━━ LISTED RECORDS
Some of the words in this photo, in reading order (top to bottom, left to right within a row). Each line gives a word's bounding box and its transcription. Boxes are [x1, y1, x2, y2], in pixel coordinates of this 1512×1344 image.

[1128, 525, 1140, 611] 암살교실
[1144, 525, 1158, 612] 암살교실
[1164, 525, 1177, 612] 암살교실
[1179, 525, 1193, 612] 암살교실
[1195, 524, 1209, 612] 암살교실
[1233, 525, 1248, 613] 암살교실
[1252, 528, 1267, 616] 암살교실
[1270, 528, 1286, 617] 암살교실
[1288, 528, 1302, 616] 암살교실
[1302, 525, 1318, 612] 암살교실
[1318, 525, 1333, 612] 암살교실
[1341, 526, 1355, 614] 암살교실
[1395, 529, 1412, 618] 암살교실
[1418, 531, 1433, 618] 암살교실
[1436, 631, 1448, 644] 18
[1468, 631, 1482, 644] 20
━━━━
(WHAT YOU WILL DO): In full and without alteration, write out the data above.

(WRITTEN REPLY):
Some of the words in this photo, in reading order (top to bottom, left to right within a row). Each line gives a word's bounding box and its transcription. Boxes are [x1, y1, x2, y2], in pixel coordinates of this 1512×1344 image.

[1128, 525, 1140, 611] 암살교실
[1144, 525, 1158, 612] 암살교실
[1164, 525, 1177, 612] 암살교실
[1179, 525, 1193, 612] 암살교실
[1195, 524, 1209, 612] 암살교실
[1233, 525, 1248, 613] 암살교실
[1252, 528, 1267, 616] 암살교실
[1270, 528, 1286, 617] 암살교실
[1288, 528, 1302, 616] 암살교실
[1302, 525, 1318, 612] 암살교실
[1318, 525, 1333, 612] 암살교실
[1341, 526, 1355, 614] 암살교실
[1395, 529, 1412, 618] 암살교실
[1418, 531, 1433, 618] 암살교실
[1436, 631, 1448, 644] 18
[1468, 631, 1482, 644] 20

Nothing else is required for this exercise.